◆ What you are asked to do: Copy out the data exactly, leaving the pictures behind.

◆ Information supplied:
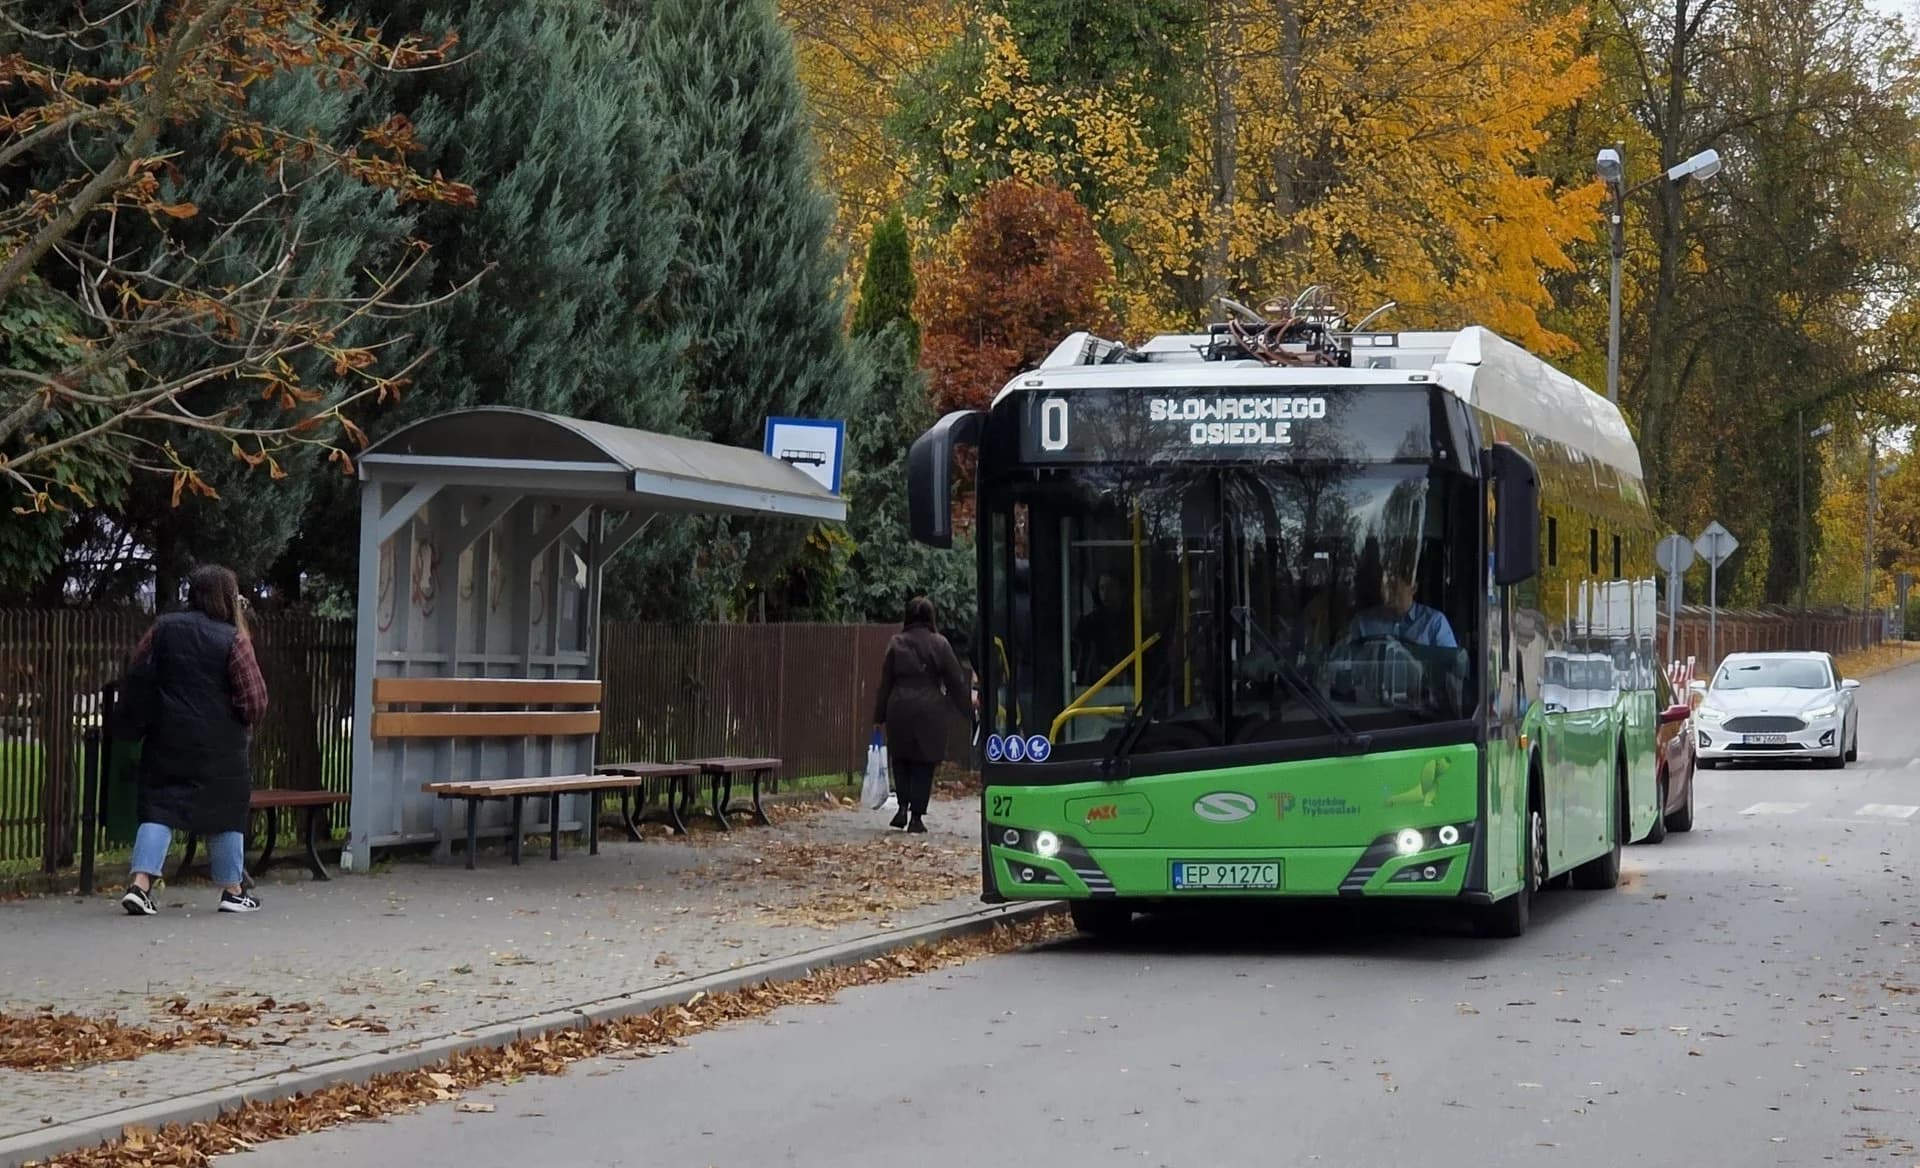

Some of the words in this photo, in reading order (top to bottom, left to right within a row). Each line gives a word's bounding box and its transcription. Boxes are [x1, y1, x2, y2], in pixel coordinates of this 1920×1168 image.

[1149, 397, 1326, 421] SŁOWACKIEGO
[1190, 421, 1292, 445] OSIEDLE
[993, 797, 1012, 817] 27
[1186, 866, 1210, 884] EP
[1217, 866, 1274, 884] 9127C

◆ Written answer:
Some of the words in this photo, in reading order (top to bottom, left to right within a row). Each line gives a word's bounding box and its transcription. Boxes are [x1, y1, x2, y2], in pixel coordinates of this 1920×1168 image.

[1149, 397, 1326, 421] SŁOWACKIEGO
[1190, 421, 1292, 445] OSIEDLE
[993, 797, 1012, 817] 27
[1186, 866, 1210, 884] EP
[1217, 866, 1274, 884] 9127C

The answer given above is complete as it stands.